Donald Trump

Trump Campaign Attacks Biden With Ads on Mental Sharpness

A series of pro-Trump television ads have strung together some Biden gaffes

NBC Universal, Inc.

As the 2020 race heats up, the Trump campaign has seemingly arrived at what it thinks is a winning strategy: to say presumptive Democratic nominee Joe Biden is mentally compromised.

"Here's a guy that doesn't talk. Nobody hears him and whenever he does talk he can't put two sentences together," President Donald Trump said of Biden Thursday night at a FOX News Town Hall.

A series of pro-Trump television ads have strung together some Biden gaffes - or comments taken out of context - to make Biden look foolish at best.

One campaign ad from a Trump-supporting PAC shows Biden stumbling over his words, then asks if Biden "has dementia." It later states that "Biden is clearly diminished."

Another ad is edited to have Biden saying, "Sometimes I wake up and I think it's 1920."

"It's standard political playbook for an incumbent who is struggling to try to turn the spotlight on his opponent," New Hampshire Journal's Michael Graham said Friday.

Graham said the attacks, while mean-spirited, maybe all Trump has given the economic devastation, the COVID-19 crisis and racial unrest that's gripping the country.

"Because if it is a referendum on Trump, he probably doesn't do very well," Graham added.

At the same time, some Trump opponents are giving it right back.

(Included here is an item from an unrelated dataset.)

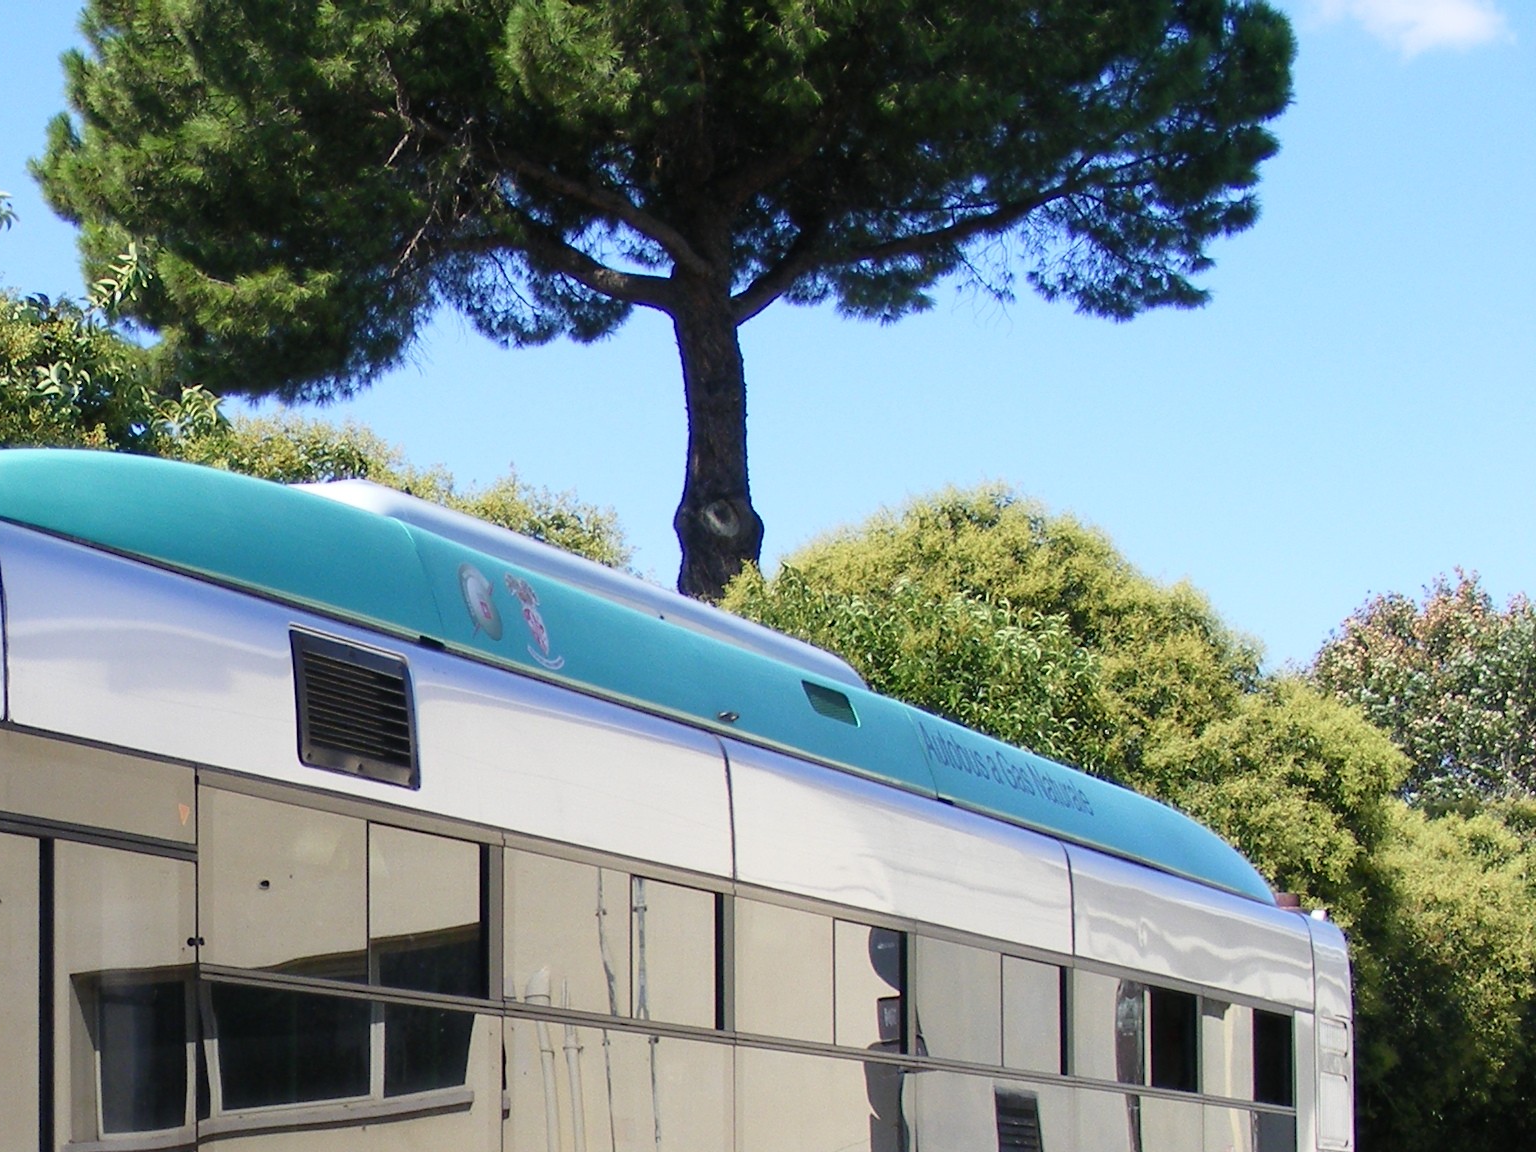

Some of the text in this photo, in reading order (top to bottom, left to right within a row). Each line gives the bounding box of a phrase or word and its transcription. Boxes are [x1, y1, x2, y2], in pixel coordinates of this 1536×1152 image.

[919, 720, 990, 781] Autobus
[995, 750, 1036, 797] Gas
[1025, 761, 1095, 817] Naturale

Democratic candidate for president Joe Biden ripped President Donald Trump's leadership during the coronavirus pandemic while speaking at an event in Lancaster, Penn.

An ad from the Lincoln Project portrays Trump as equally unfit to be president saying, "We've seen that you're shaky… Sad, weak, low energy. Just like your presidency, just like you."

It is a strategy that has eclipsed what is typically the centerpiece of a presidential campaign, issues related to healthcare, tax reform or foreign policy, which many find unfortunate to think that the next leader of the free world could win on a strategy of a race to the bottom of who is less mentally incapacitated.

"They're not saying, 'boy, my opponent's policies are crazy.' It's 'they need to be medicated and put in a room,' and that’s a new level of attacks," Graham said.